EXERCISE GOAL: A faithful copy of every record is needed here. Images must not appear in it.

Records contained in a dataset:

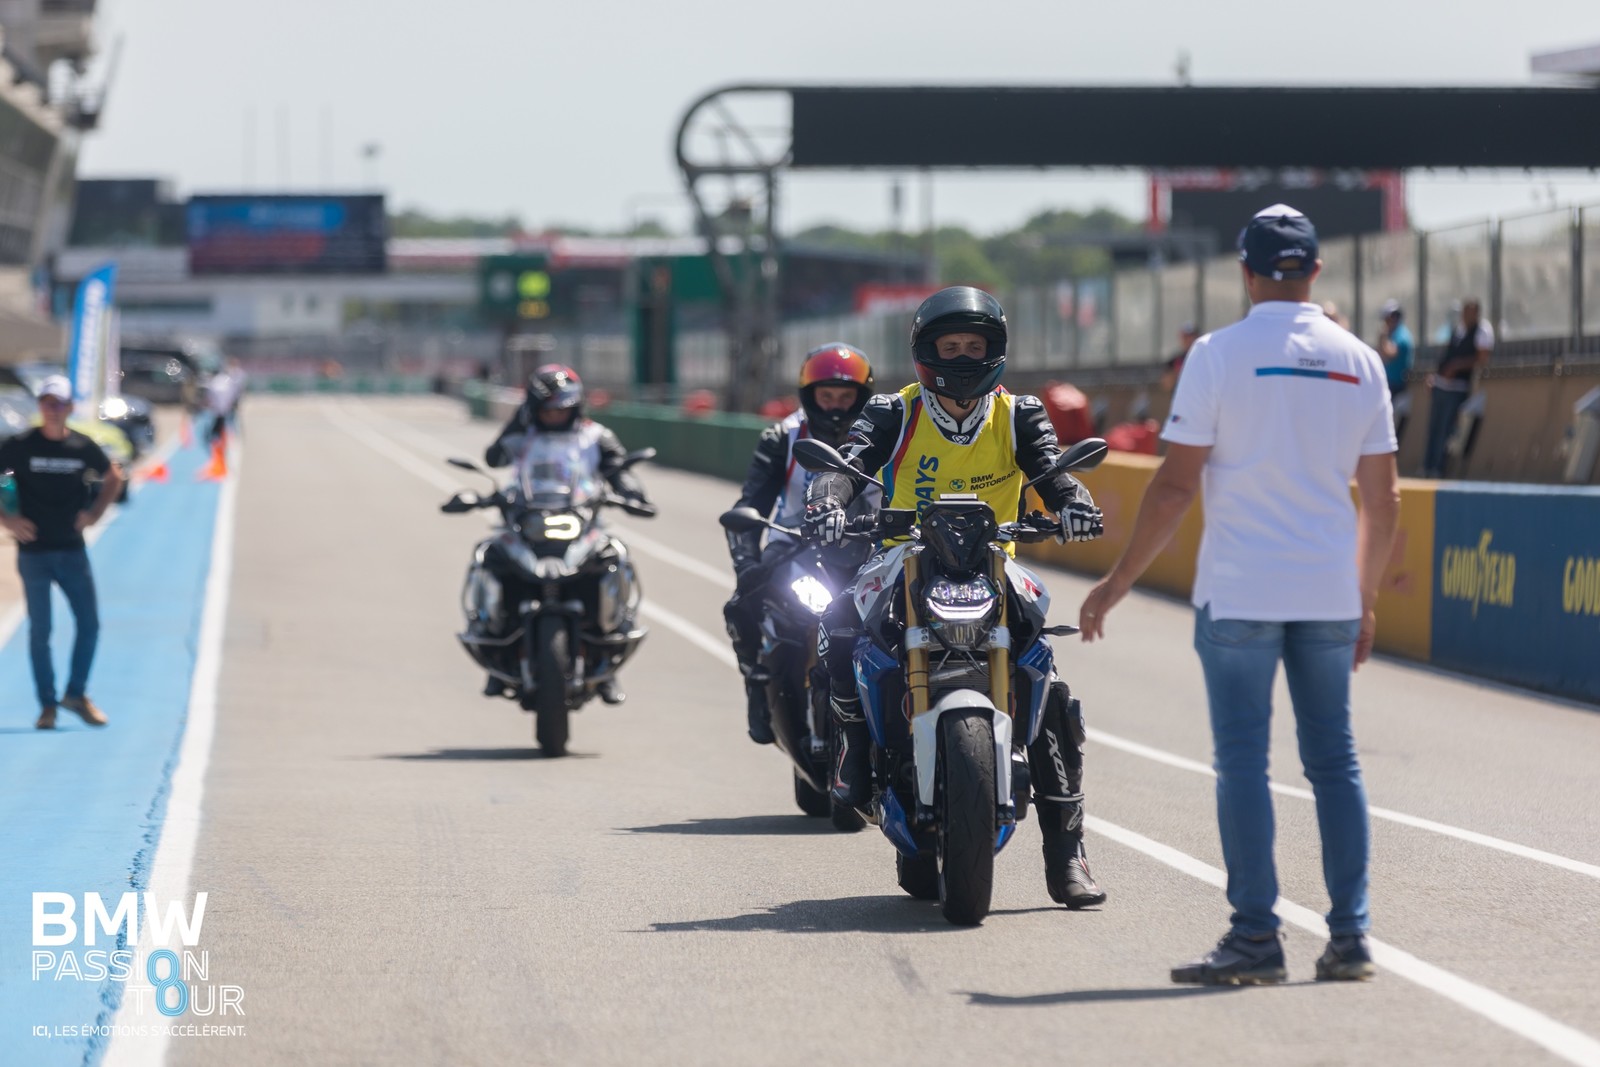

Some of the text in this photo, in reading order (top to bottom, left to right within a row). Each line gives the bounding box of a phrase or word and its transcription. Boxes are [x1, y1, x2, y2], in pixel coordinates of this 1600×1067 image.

[1298, 357, 1327, 368] STAFF
[970, 473, 994, 484] BMW
[970, 470, 1016, 491] MOTORRAD
[1442, 528, 1516, 620] GOODYEAR
[1045, 728, 1071, 796] IXON

YOUR SOLUTION:
Some of the text in this photo, in reading order (top to bottom, left to right within a row). Each line gives the bounding box of a phrase or word and its transcription. Boxes are [x1, y1, x2, y2], in pixel coordinates of this 1600×1067 image.

[1298, 357, 1327, 368] STAFF
[970, 473, 994, 484] BMW
[970, 470, 1016, 491] MOTORRAD
[1442, 528, 1516, 620] GOODYEAR
[1045, 728, 1071, 796] IXON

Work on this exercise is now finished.